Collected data
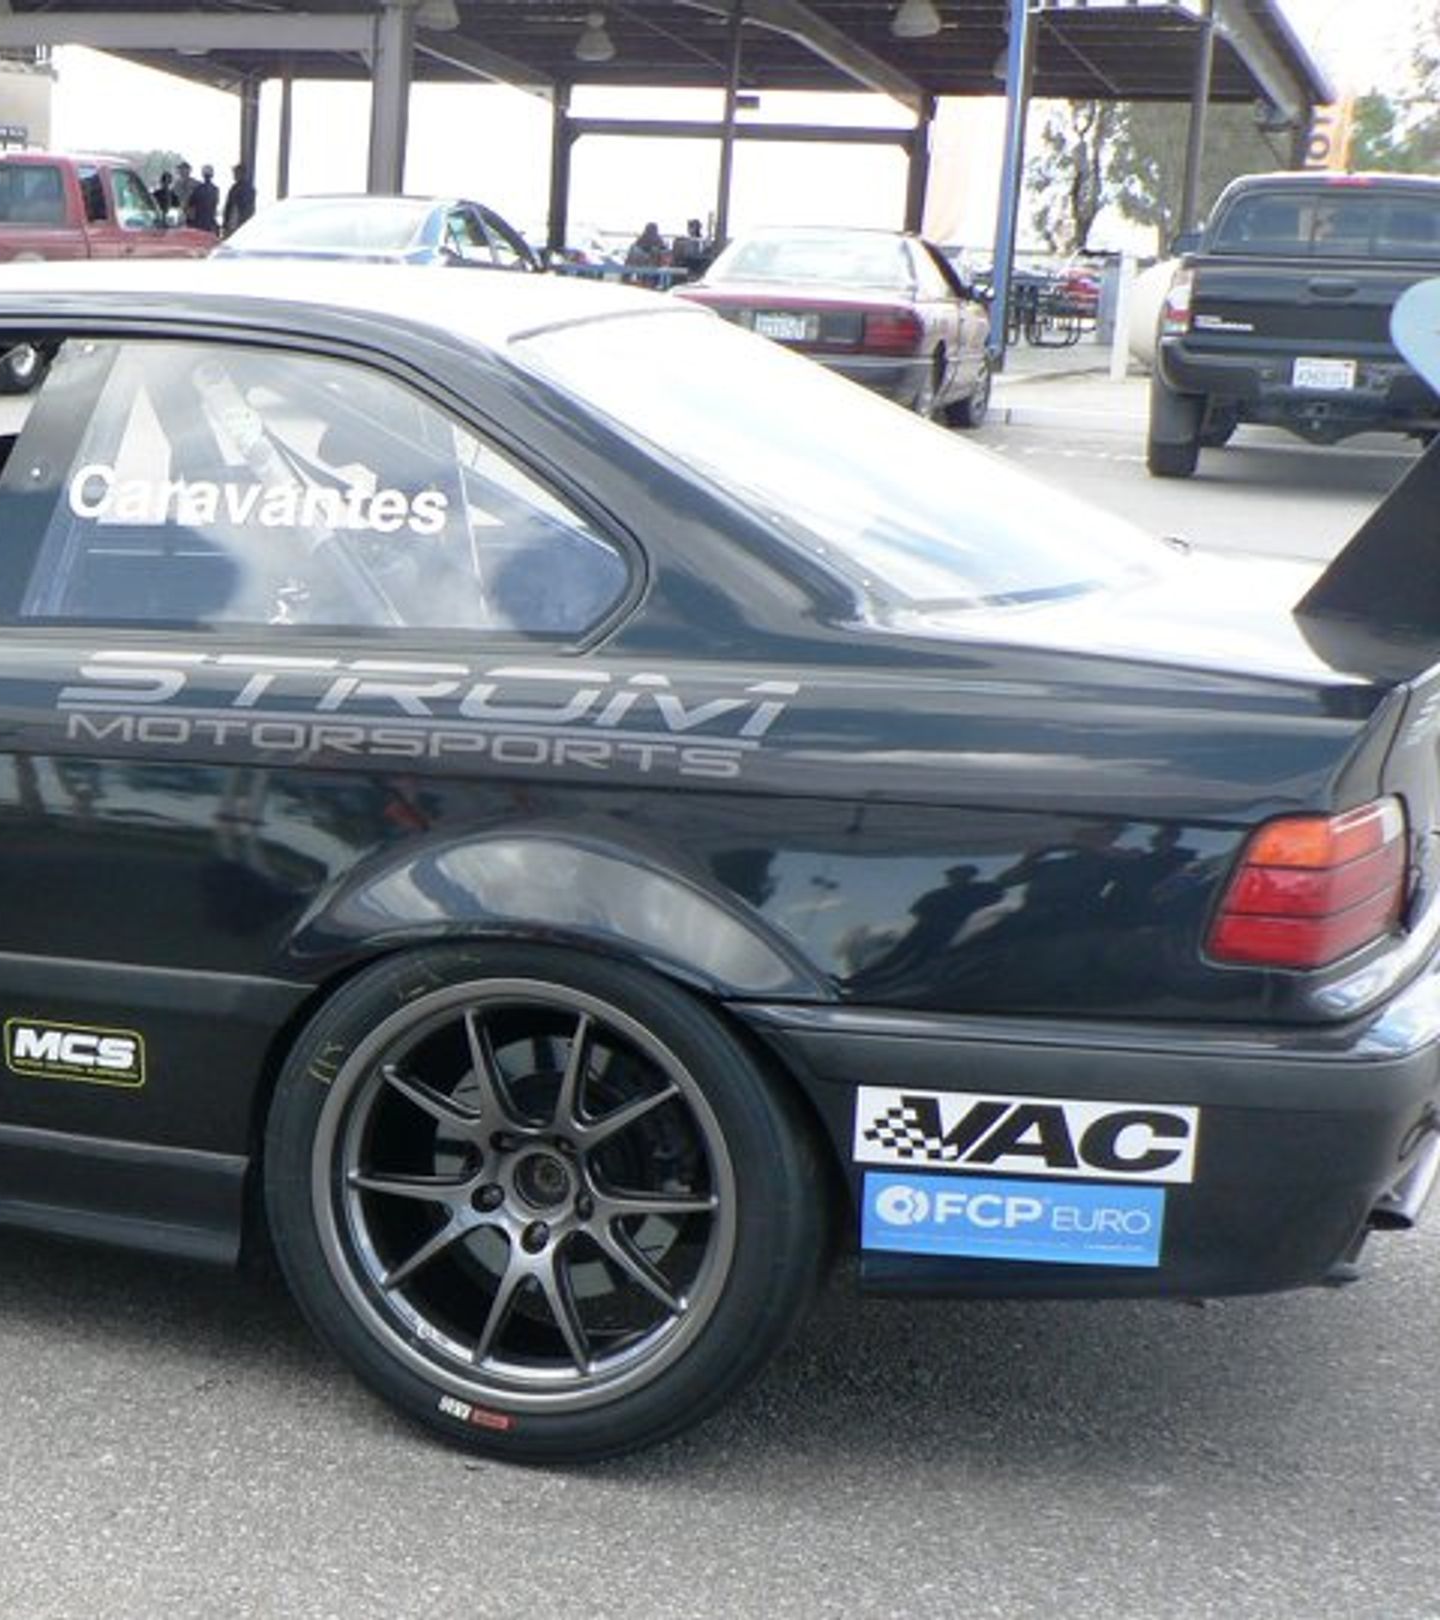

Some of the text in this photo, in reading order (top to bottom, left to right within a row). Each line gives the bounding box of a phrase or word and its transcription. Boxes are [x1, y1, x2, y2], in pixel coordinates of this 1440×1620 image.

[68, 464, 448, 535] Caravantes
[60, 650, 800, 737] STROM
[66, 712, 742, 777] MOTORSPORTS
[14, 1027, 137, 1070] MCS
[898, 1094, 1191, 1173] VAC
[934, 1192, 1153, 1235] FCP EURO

(Task requirements):
Would you copy every entry exactly as it stands, leaving out the pictures?

(Output of the exercise):
Some of the text in this photo, in reading order (top to bottom, left to right within a row). Each line gives the bounding box of a phrase or word and its transcription. Boxes are [x1, y1, x2, y2], in pixel coordinates of this 1440×1620 image.

[68, 464, 448, 535] Caravantes
[60, 650, 800, 737] STROM
[66, 712, 742, 777] MOTORSPORTS
[14, 1027, 137, 1070] MCS
[898, 1094, 1191, 1173] VAC
[934, 1192, 1153, 1235] FCP EURO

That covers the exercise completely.